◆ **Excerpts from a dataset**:
■ ■ ■ ■ ■ ■ ■
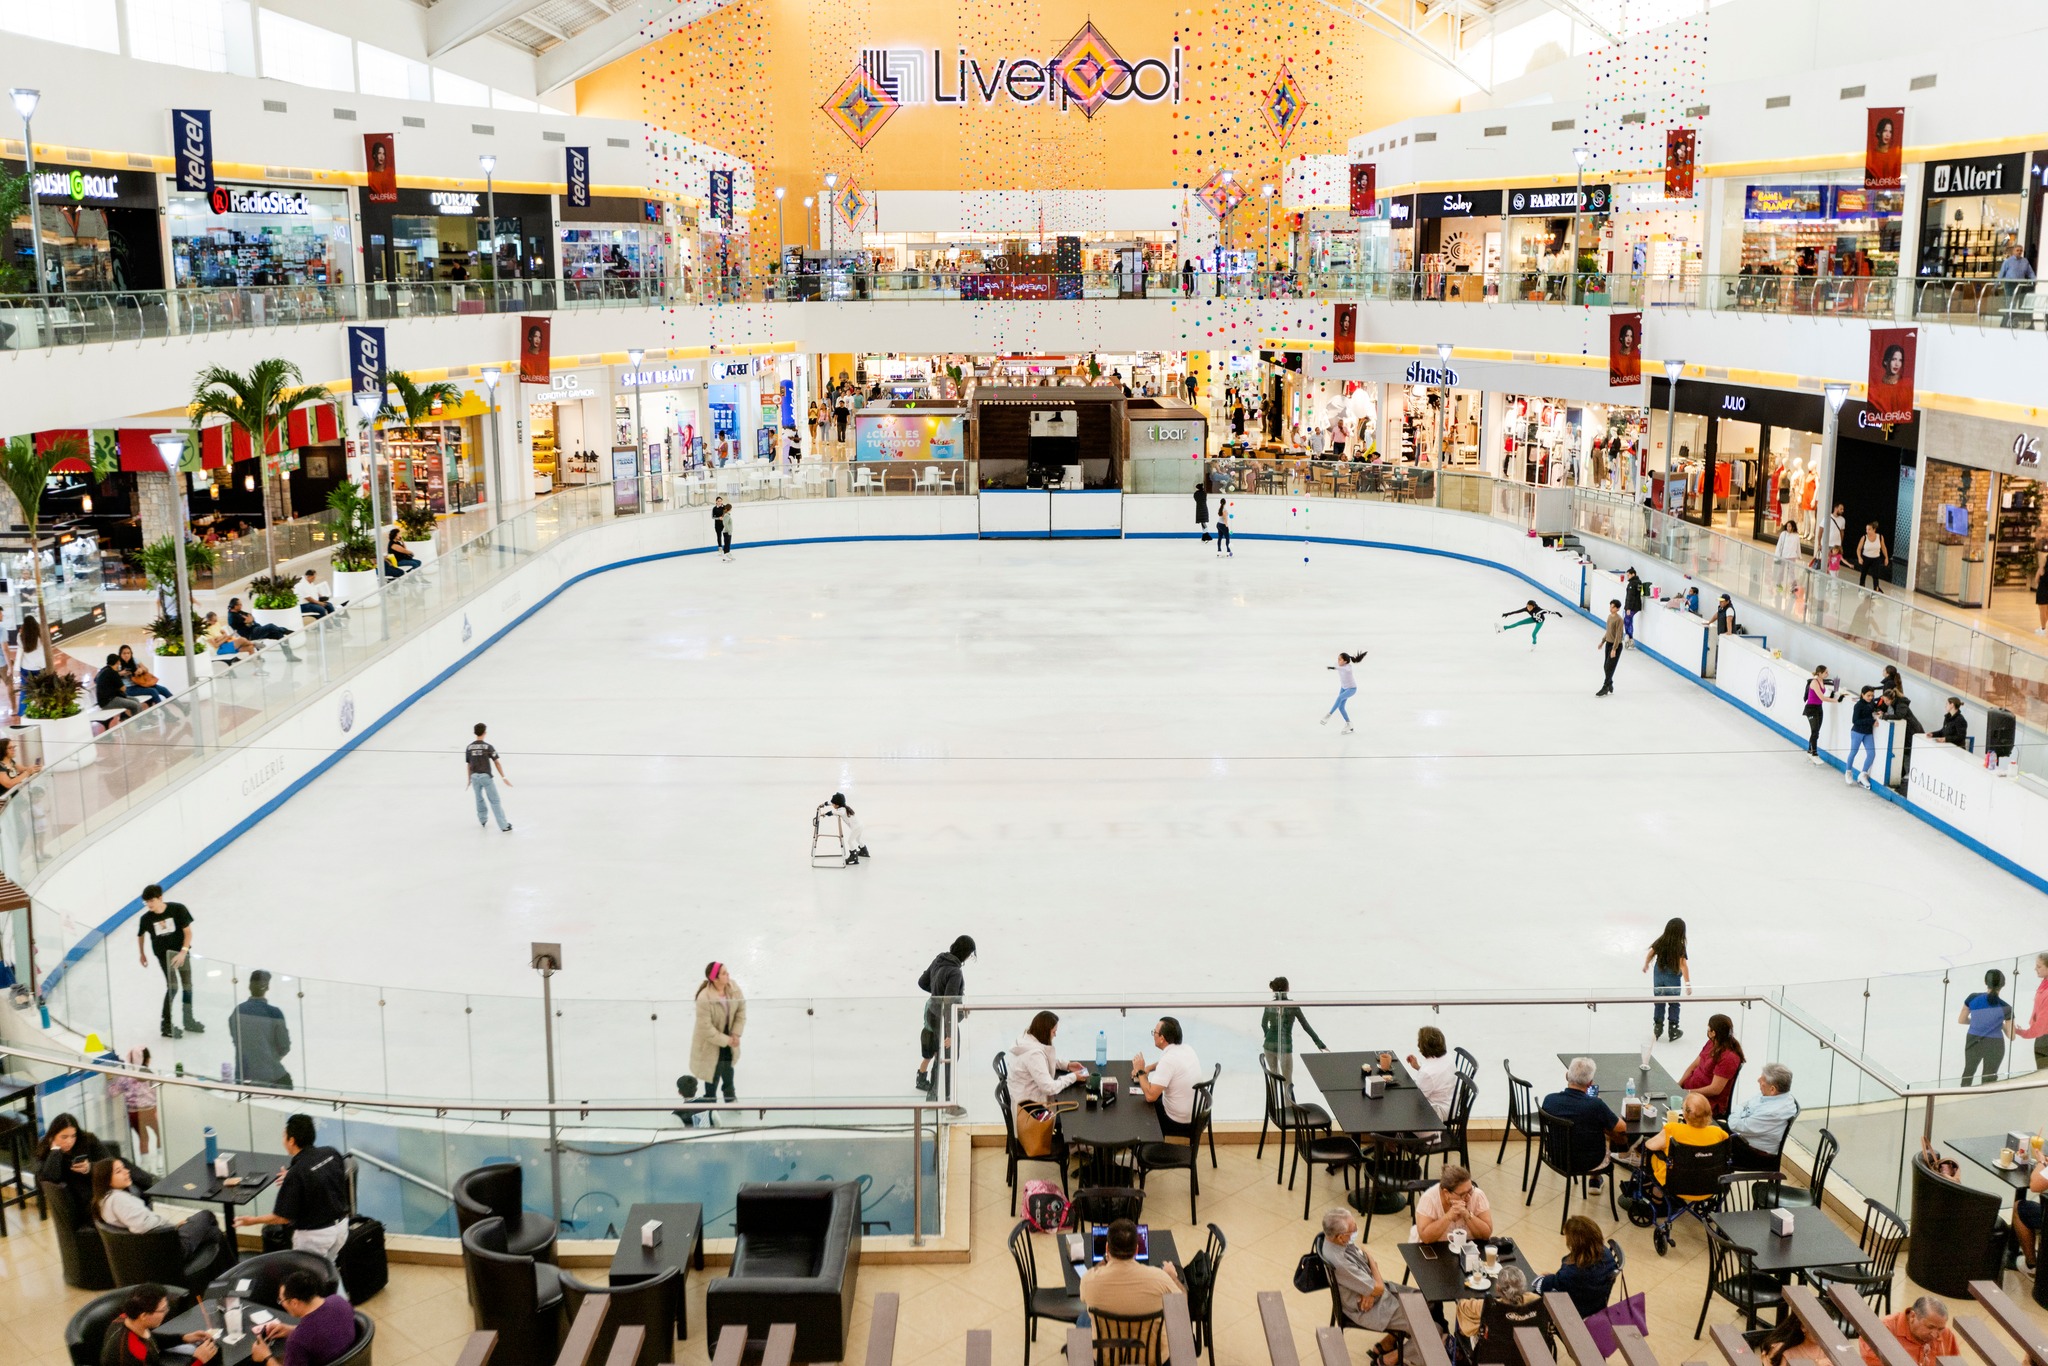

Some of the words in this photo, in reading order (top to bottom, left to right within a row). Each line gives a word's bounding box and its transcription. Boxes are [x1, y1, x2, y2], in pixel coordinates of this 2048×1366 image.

[935, 48, 1180, 111] Liverpool
[180, 112, 207, 190] telcel
[34, 172, 71, 195] SUSHI
[83, 174, 118, 198] ROLL
[570, 149, 586, 207] telcel
[1950, 163, 2003, 192] Alteri
[230, 190, 311, 215] RadioShack
[1443, 194, 1473, 213] Soley
[1530, 192, 1587, 208] FABRIZIO
[552, 374, 578, 391] DG
[623, 372, 653, 386] SALLY
[655, 369, 695, 384] BEAUTY
[726, 363, 748, 377] AT&T
[1406, 360, 1459, 386] shasa
[1722, 395, 1746, 411] JULIO
[866, 439, 881, 448] TU
[905, 430, 919, 439] ES
[241, 755, 286, 797] GALLERIE
[1910, 767, 1967, 811] GALLERIE
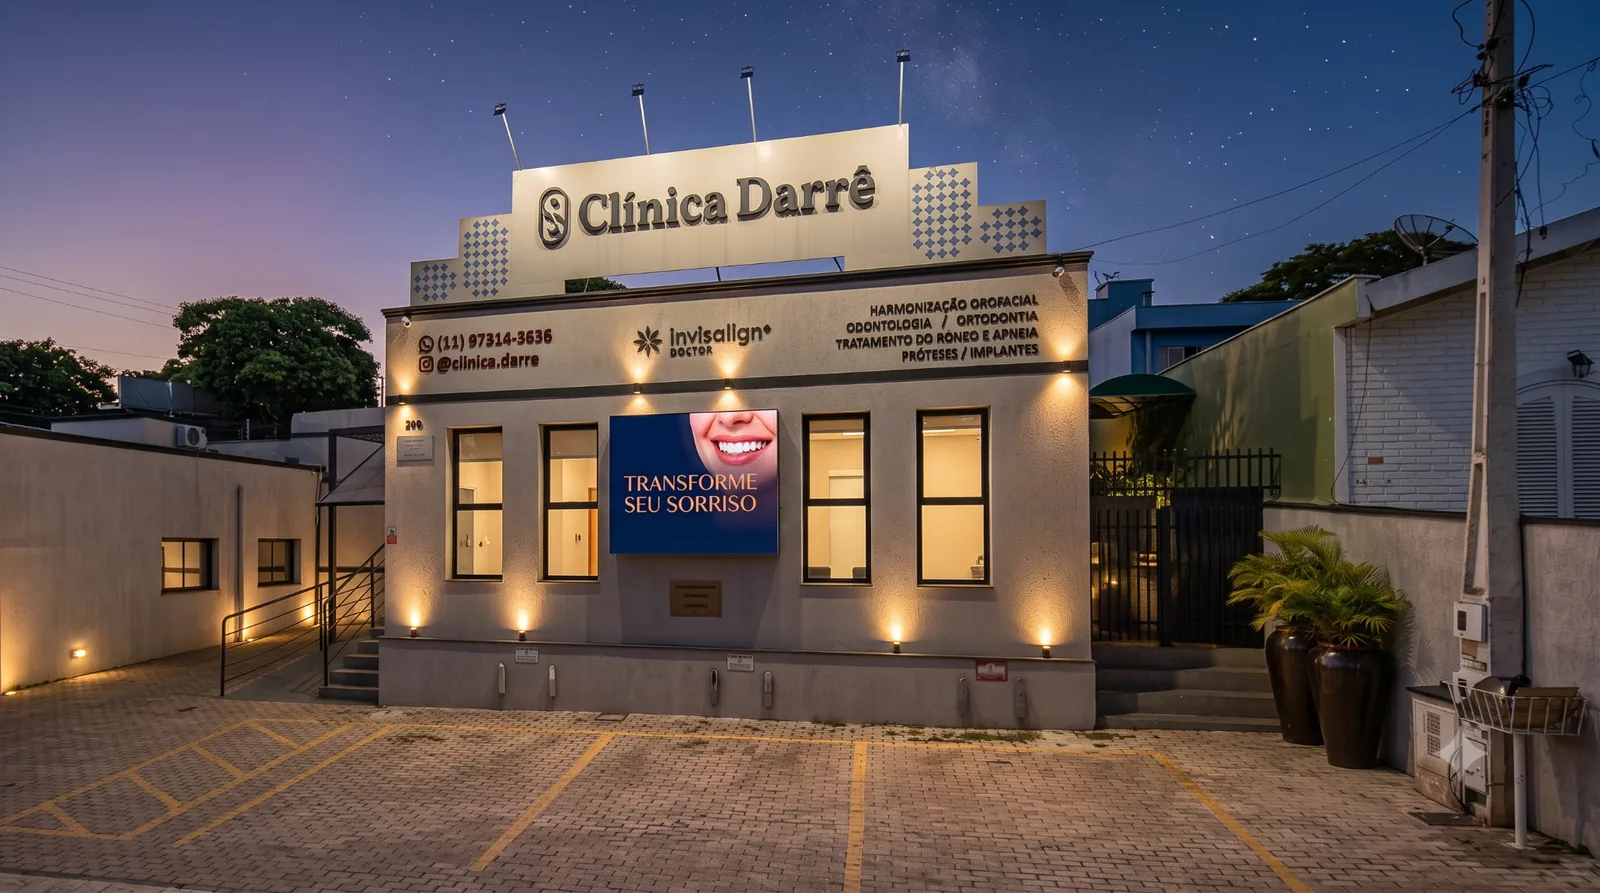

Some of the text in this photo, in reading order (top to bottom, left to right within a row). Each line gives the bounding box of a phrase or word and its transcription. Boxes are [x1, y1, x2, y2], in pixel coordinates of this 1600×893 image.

[578, 165, 876, 235] Clínica Darrê
[870, 294, 1038, 317] HARMONIZAÇÃO OROFACIAL
[846, 311, 1038, 334] ODONTOLOGIA / ORTODONTIA
[437, 328, 553, 353] (11) 97314-3636
[670, 323, 763, 346] invisalign
[836, 335, 913, 350] TRATAMENTO
[916, 333, 933, 346] DO
[982, 330, 990, 342] E
[993, 327, 1038, 341] APNEIA
[670, 346, 713, 358] DOCTOR
[902, 343, 1039, 363] PRÓTESES / IMPLANTES
[623, 473, 758, 492] TRANSFORME
[624, 494, 757, 513] SEU SORRISO
■ ■ ■ ■ ■ ■ ■
◆ **Your goal**:
Print exactly the lines above, starting at the line that contains "Some of the text" and ending with the last line of the records, both included.

◆ **Completed task**:
Some of the text in this photo, in reading order (top to bottom, left to right within a row). Each line gives the bounding box of a phrase or word and its transcription. Boxes are [x1, y1, x2, y2], in pixel coordinates of this 1600×893 image.

[578, 165, 876, 235] Clínica Darrê
[870, 294, 1038, 317] HARMONIZAÇÃO OROFACIAL
[846, 311, 1038, 334] ODONTOLOGIA / ORTODONTIA
[437, 328, 553, 353] (11) 97314-3636
[670, 323, 763, 346] invisalign
[836, 335, 913, 350] TRATAMENTO
[916, 333, 933, 346] DO
[982, 330, 990, 342] E
[993, 327, 1038, 341] APNEIA
[670, 346, 713, 358] DOCTOR
[902, 343, 1039, 363] PRÓTESES / IMPLANTES
[623, 473, 758, 492] TRANSFORME
[624, 494, 757, 513] SEU SORRISO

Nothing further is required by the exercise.